→ **WHAT TO PRODUCE**
Please repeat nothing except the lines from the one containing "this 1675×1488 image." through the end of the records, exactly and without pictures.
----- EXTRACTED DATA
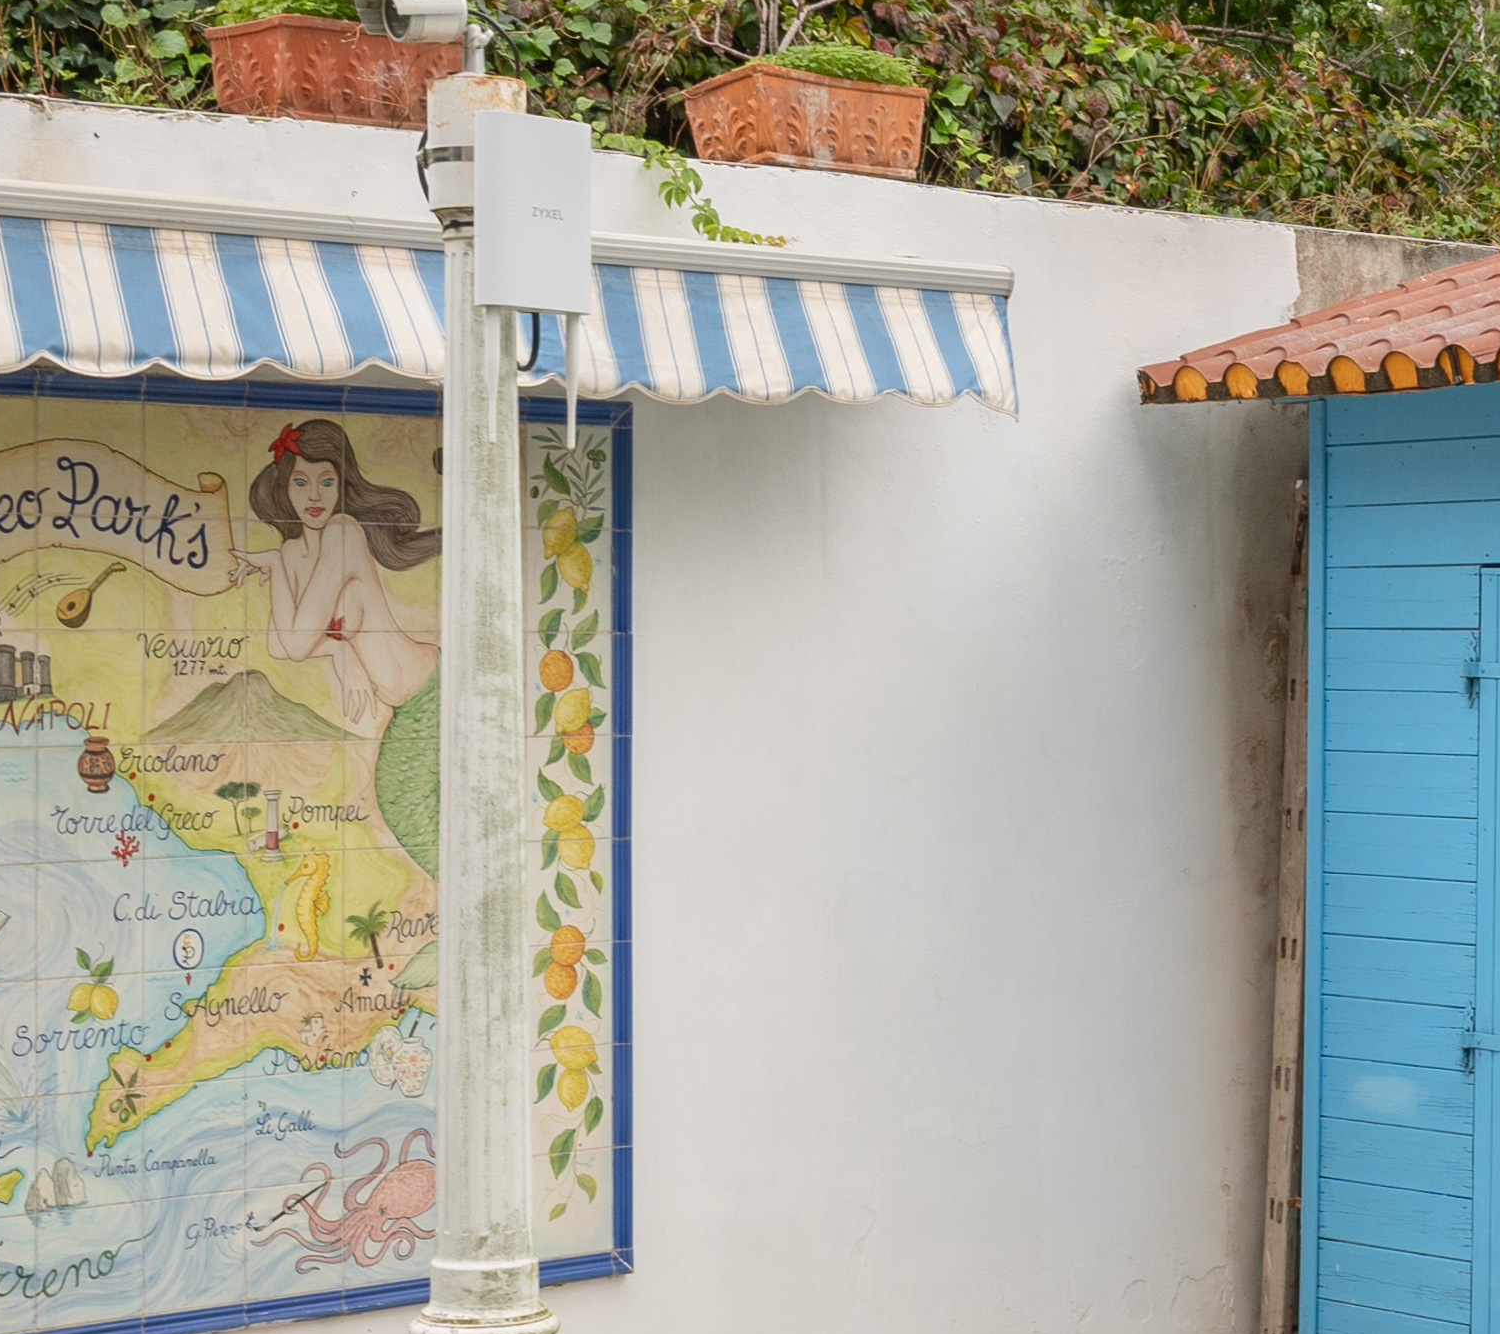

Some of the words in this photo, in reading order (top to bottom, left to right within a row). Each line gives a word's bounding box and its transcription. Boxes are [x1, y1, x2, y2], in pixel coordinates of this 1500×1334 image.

[531, 206, 564, 220] ZYXEL
[52, 456, 209, 569] Park's
[137, 626, 250, 659] Vesuvio
[172, 660, 206, 676] 1277
[117, 745, 226, 773] Ercolano
[50, 805, 117, 834] Torre
[120, 805, 154, 832] del
[156, 804, 218, 841] Greco
[282, 796, 370, 831] Pompei
[168, 890, 266, 920] Stabia
[387, 910, 439, 943] Rave
[12, 1021, 151, 1057] Sorrento
[262, 1044, 369, 1076] Positano
[275, 1110, 316, 1141] Galli
[94, 1154, 138, 1177] Punta
[143, 1149, 218, 1176] Campanella
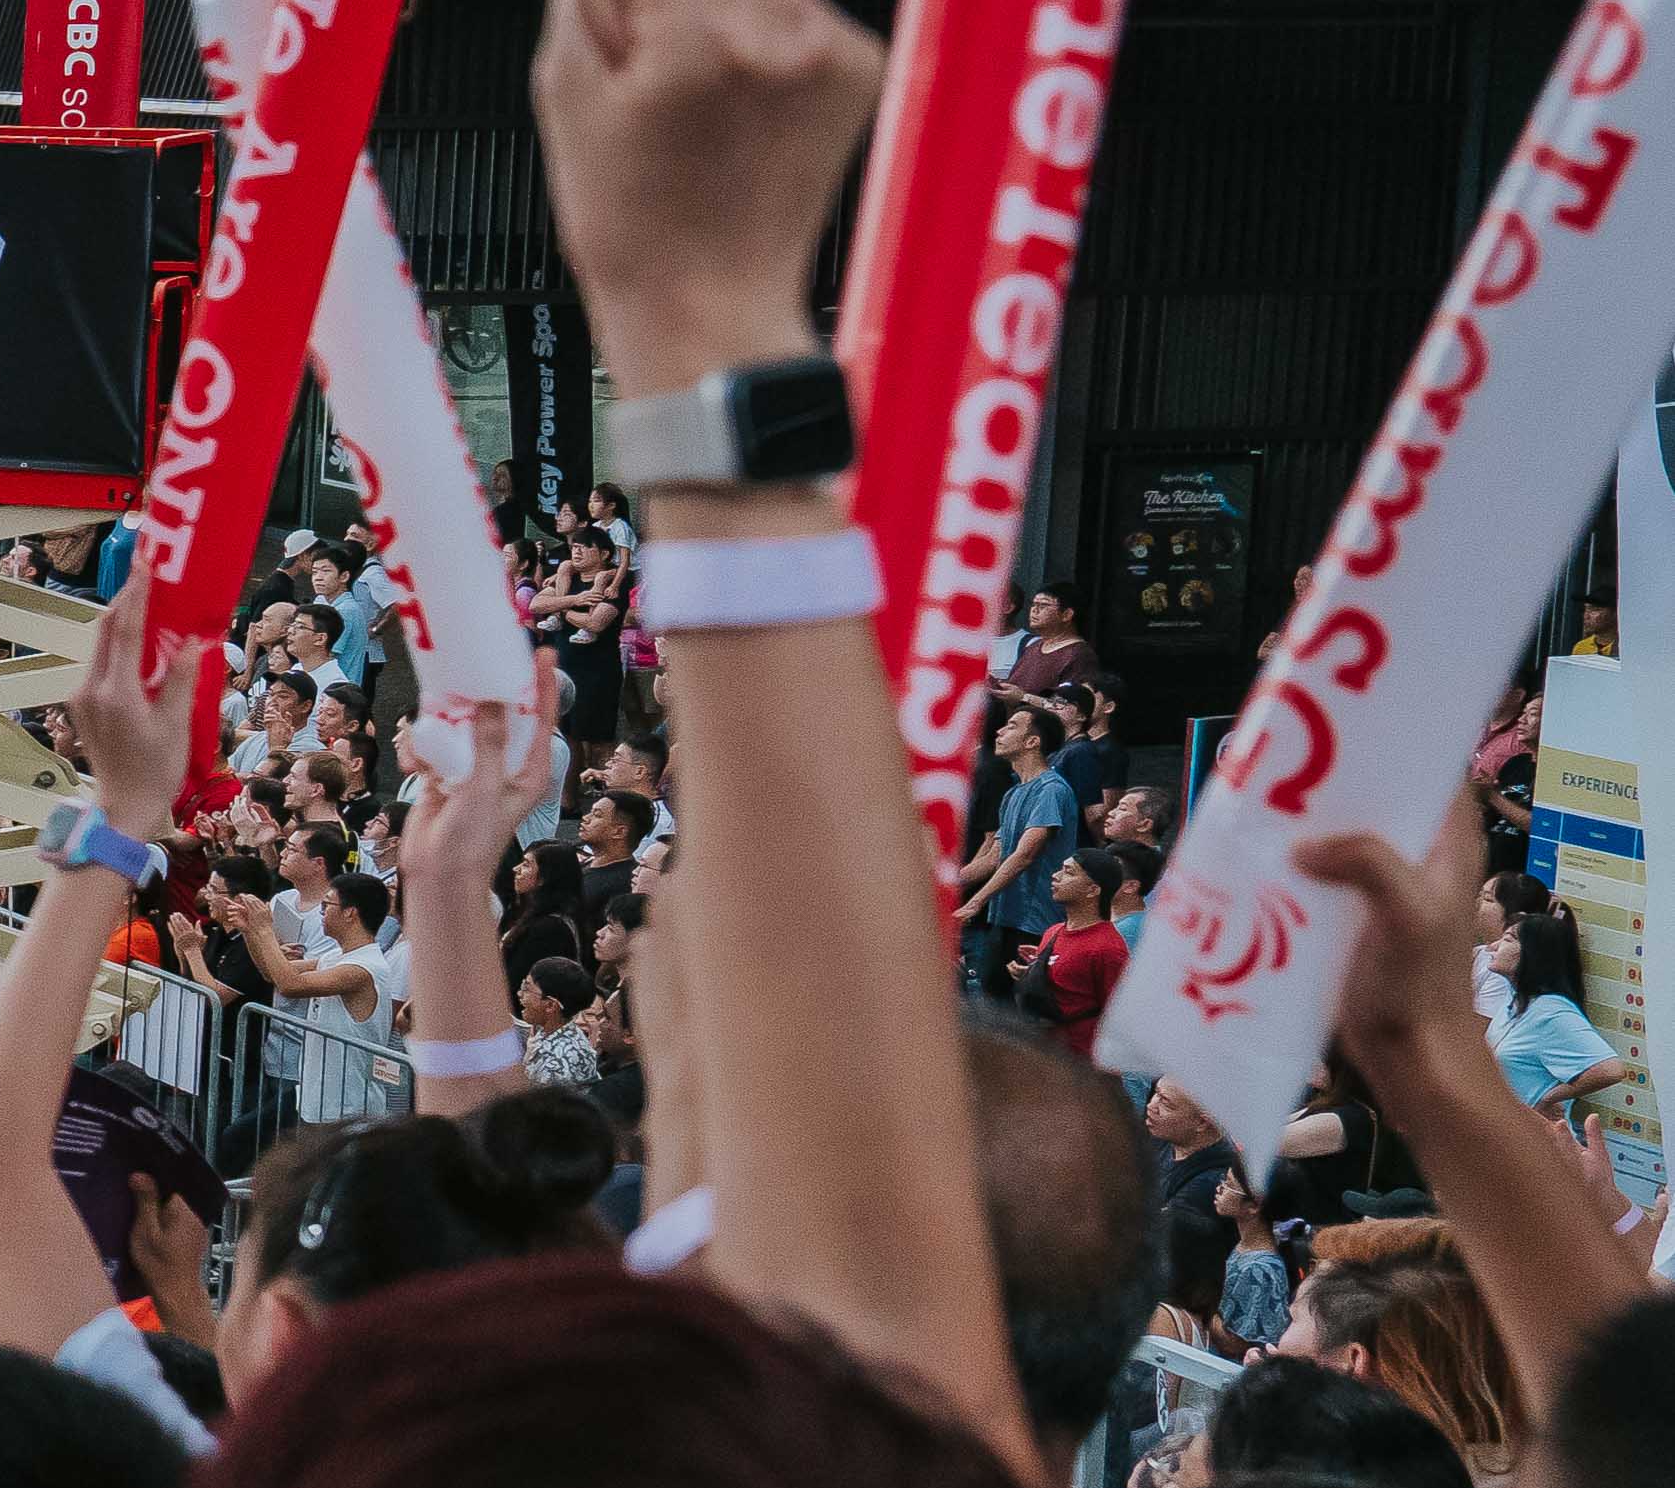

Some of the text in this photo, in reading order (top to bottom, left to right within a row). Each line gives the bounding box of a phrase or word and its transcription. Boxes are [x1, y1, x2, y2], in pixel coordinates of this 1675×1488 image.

[536, 363, 558, 457] Power
[538, 463, 564, 515] Key
[1144, 489, 1225, 505] The Kitchen
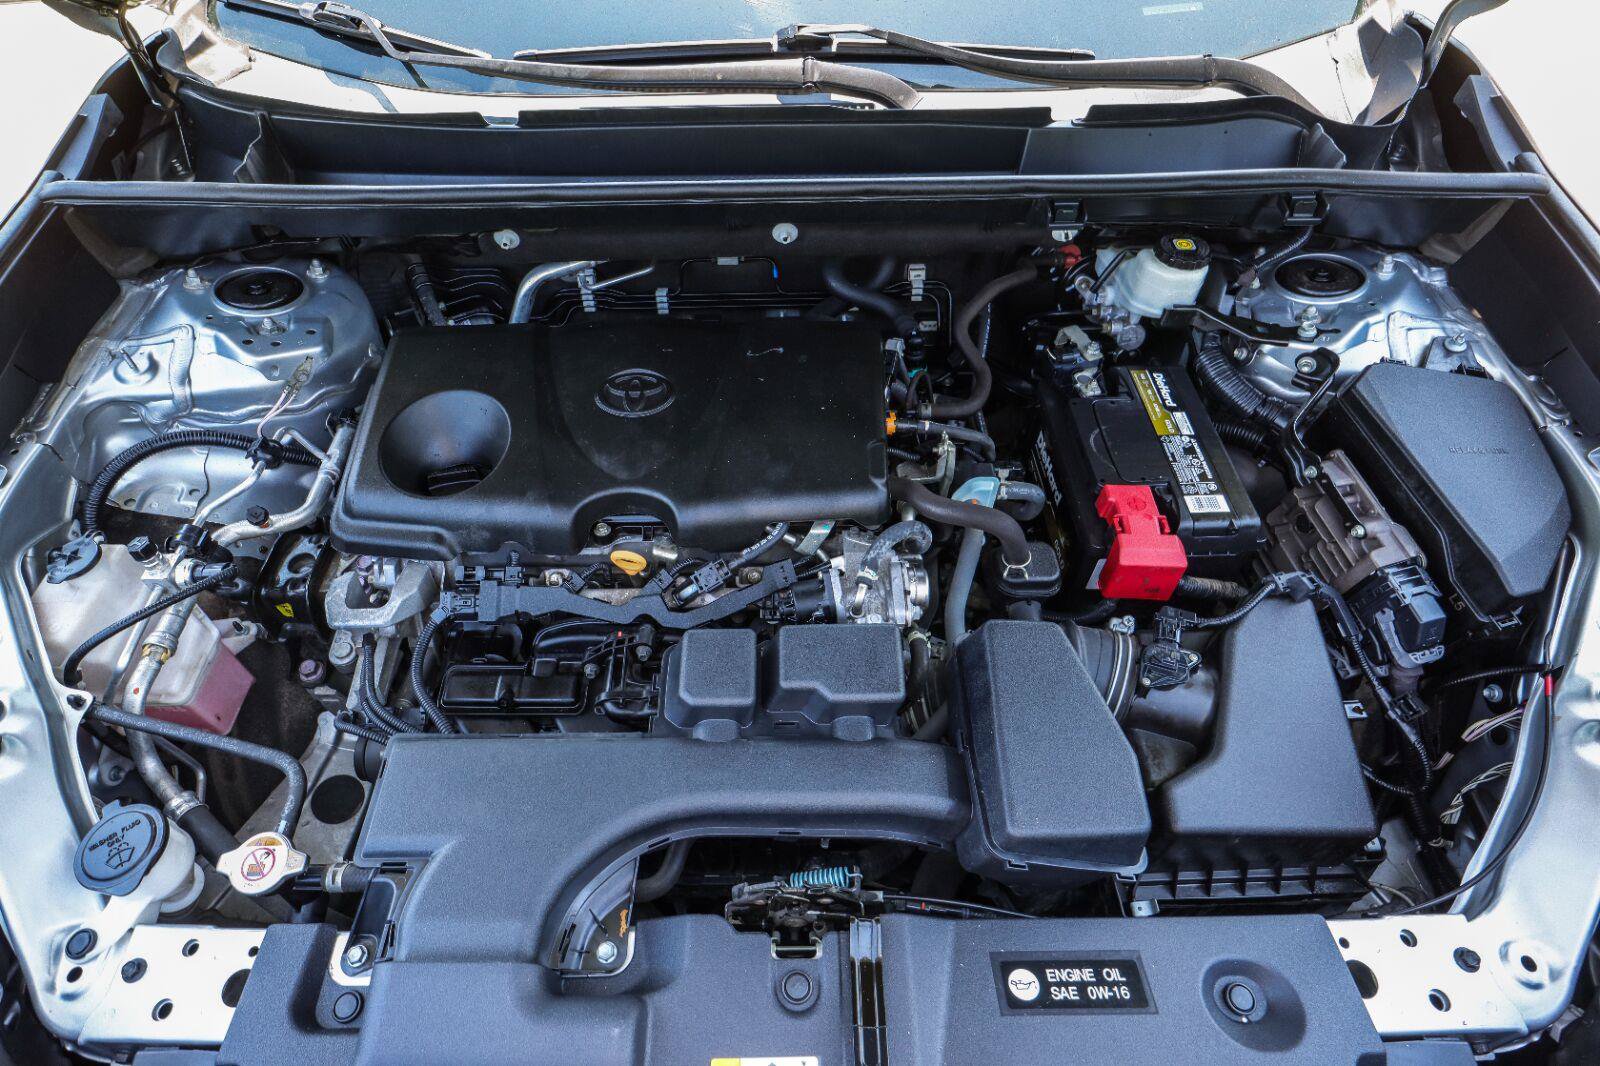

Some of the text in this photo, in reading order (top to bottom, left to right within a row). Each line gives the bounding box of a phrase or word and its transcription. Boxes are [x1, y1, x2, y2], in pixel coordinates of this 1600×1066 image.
----------
→ **SOLUTION**
Some of the text in this photo, in reading order (top to bottom, left to right within a row). Each line gives the bounding box of a phrase or word and its transcription. Boxes are [x1, y1, x2, y2], in pixel coordinates of this 1675×1488 image.

[536, 363, 558, 457] Power
[538, 463, 564, 515] Key
[1144, 489, 1225, 505] The Kitchen

Some of the text in this photo, in reading order (top to bottom, left to right within a row). Each line gives the bounding box of a phrase or word and its transcription. Boxes are [x1, y1, x2, y2], in pixel coordinates of this 1600×1066 image.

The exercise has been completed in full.